WHAT YOU NEED TO DO: Every line in the data below has to be repeated exactly; no picture belongs in the result.

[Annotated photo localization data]
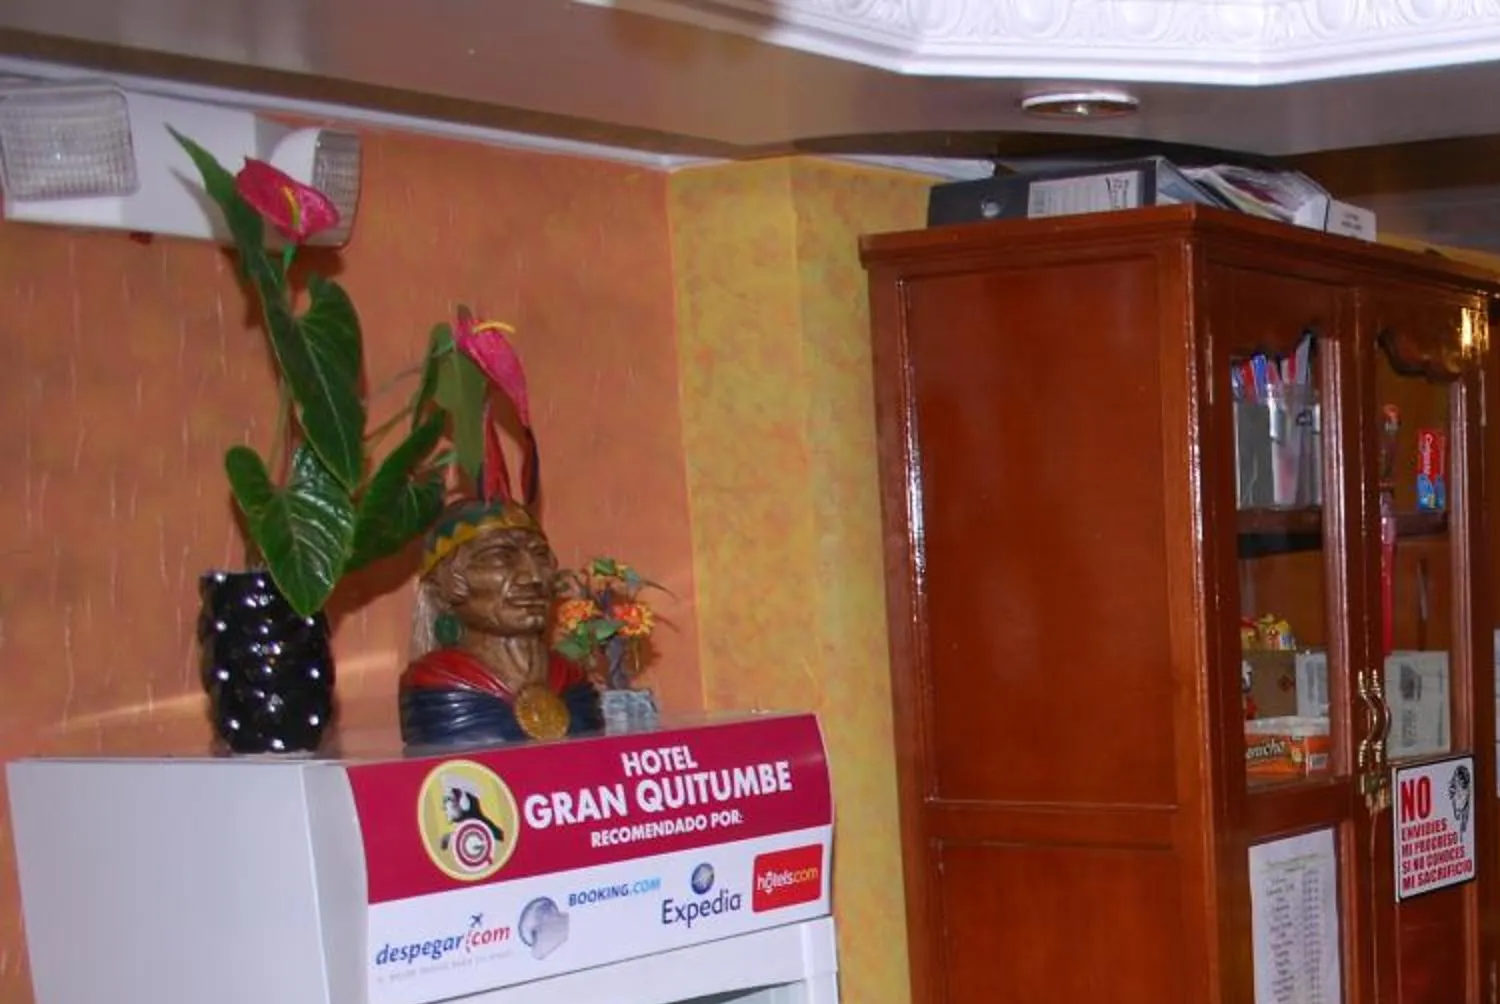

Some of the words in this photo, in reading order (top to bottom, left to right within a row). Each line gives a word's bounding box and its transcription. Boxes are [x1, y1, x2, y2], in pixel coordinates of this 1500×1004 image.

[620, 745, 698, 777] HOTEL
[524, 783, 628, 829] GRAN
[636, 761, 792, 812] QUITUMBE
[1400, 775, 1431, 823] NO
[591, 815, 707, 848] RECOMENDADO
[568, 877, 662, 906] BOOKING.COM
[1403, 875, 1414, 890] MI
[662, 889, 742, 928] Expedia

ANSWER FOR THE TASK:
Some of the words in this photo, in reading order (top to bottom, left to right within a row). Each line gives a word's bounding box and its transcription. Boxes are [x1, y1, x2, y2], in pixel coordinates of this 1500×1004 image.

[620, 745, 698, 777] HOTEL
[524, 783, 628, 829] GRAN
[636, 761, 792, 812] QUITUMBE
[1400, 775, 1431, 823] NO
[591, 815, 707, 848] RECOMENDADO
[568, 877, 662, 906] BOOKING.COM
[1403, 875, 1414, 890] MI
[662, 889, 742, 928] Expedia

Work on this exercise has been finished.